Images for object localization:
▶
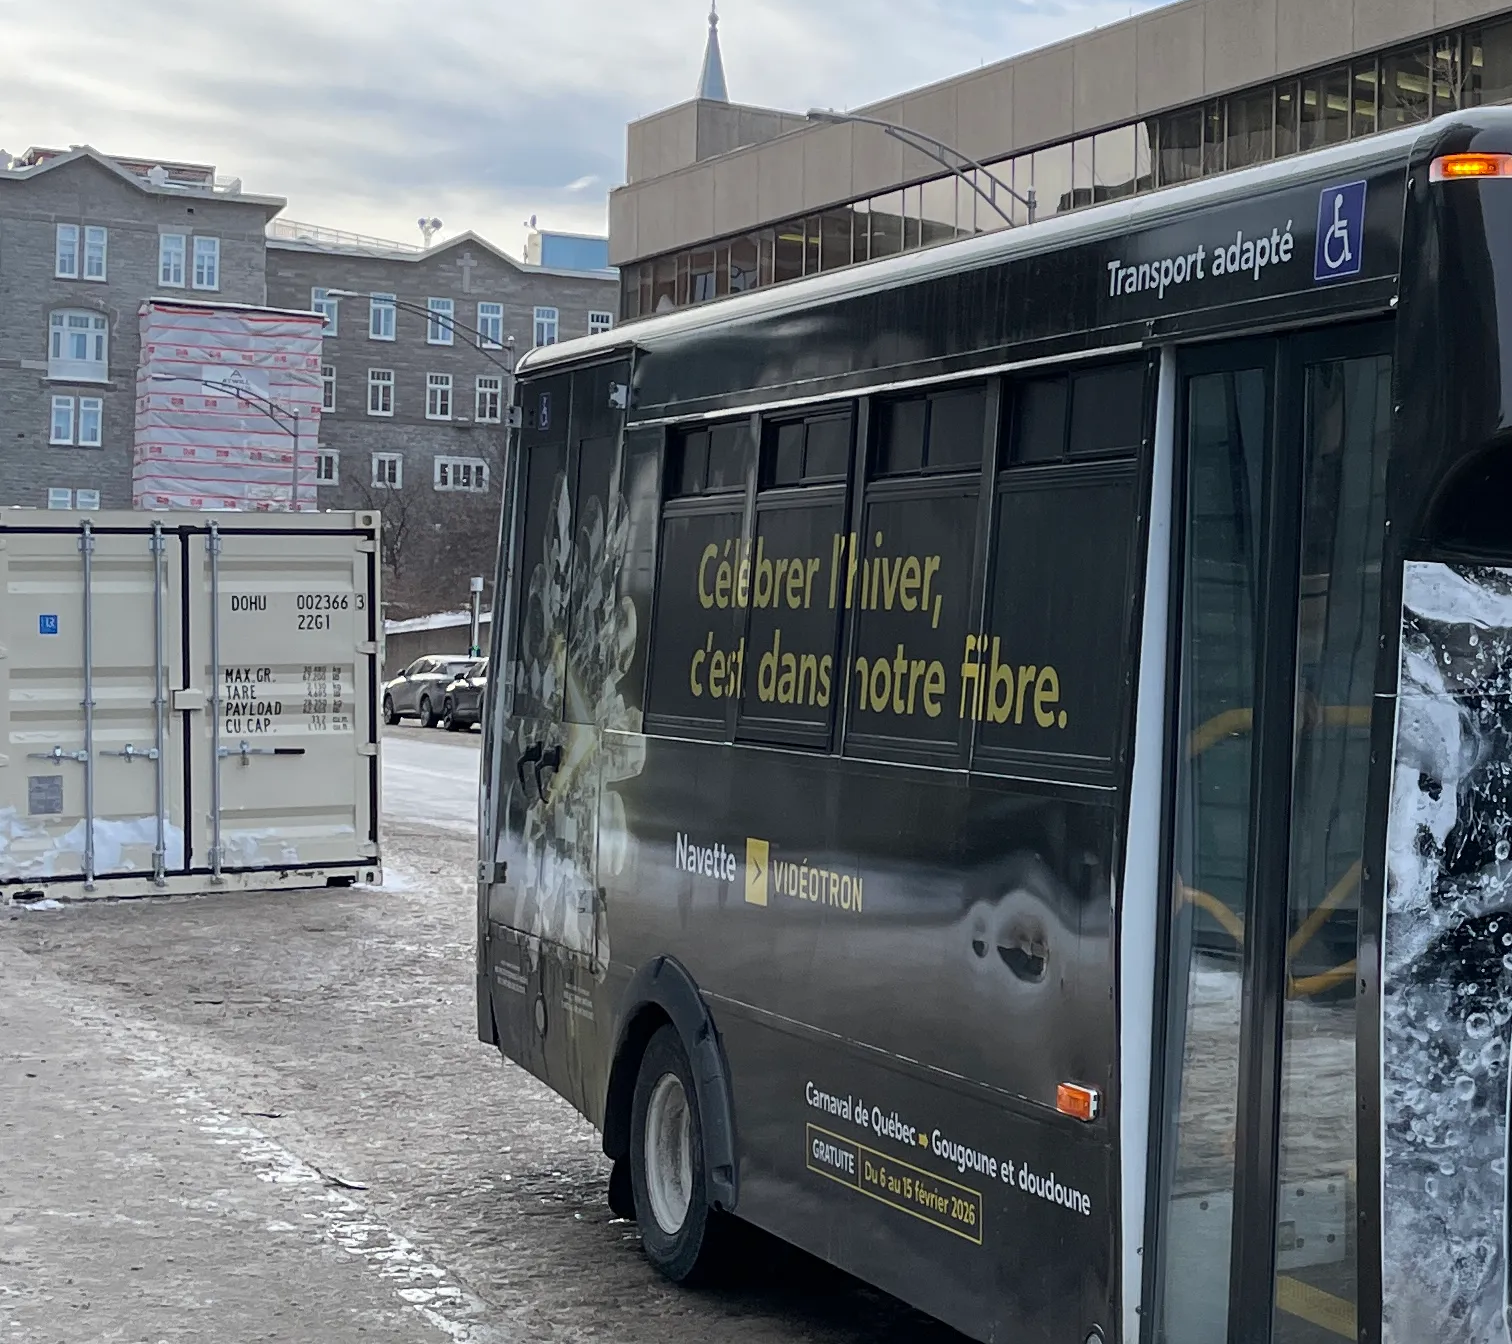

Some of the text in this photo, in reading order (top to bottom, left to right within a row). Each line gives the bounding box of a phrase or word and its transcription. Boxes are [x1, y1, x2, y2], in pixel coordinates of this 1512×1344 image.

[1107, 219, 1294, 299] Transport adapté
[231, 594, 365, 611] DOHU 002366 3
[698, 535, 820, 610] Célébrer
[298, 614, 331, 630] 22G1
[225, 701, 282, 717] PAYLOAD
[226, 685, 257, 700] TARE
[690, 629, 1068, 730] c'est dans notre fibre.
[675, 831, 864, 913] Navette VIDÉOTRON
[805, 1081, 1091, 1216] Carnaval de Québec Gougoune et doudoune
[812, 1138, 976, 1226] GRATUITE Du 6 au 15 février 2026
◀
Task statement
Could you print all of the entries exactly, skipping the images?

Answer below
Some of the text in this photo, in reading order (top to bottom, left to right within a row). Each line gives the bounding box of a phrase or word and its transcription. Boxes are [x1, y1, x2, y2], in pixel coordinates of this 1512×1344 image.

[1107, 219, 1294, 299] Transport adapté
[231, 594, 365, 611] DOHU 002366 3
[698, 535, 820, 610] Célébrer
[298, 614, 331, 630] 22G1
[225, 701, 282, 717] PAYLOAD
[226, 685, 257, 700] TARE
[690, 629, 1068, 730] c'est dans notre fibre.
[675, 831, 864, 913] Navette VIDÉOTRON
[805, 1081, 1091, 1216] Carnaval de Québec Gougoune et doudoune
[812, 1138, 976, 1226] GRATUITE Du 6 au 15 février 2026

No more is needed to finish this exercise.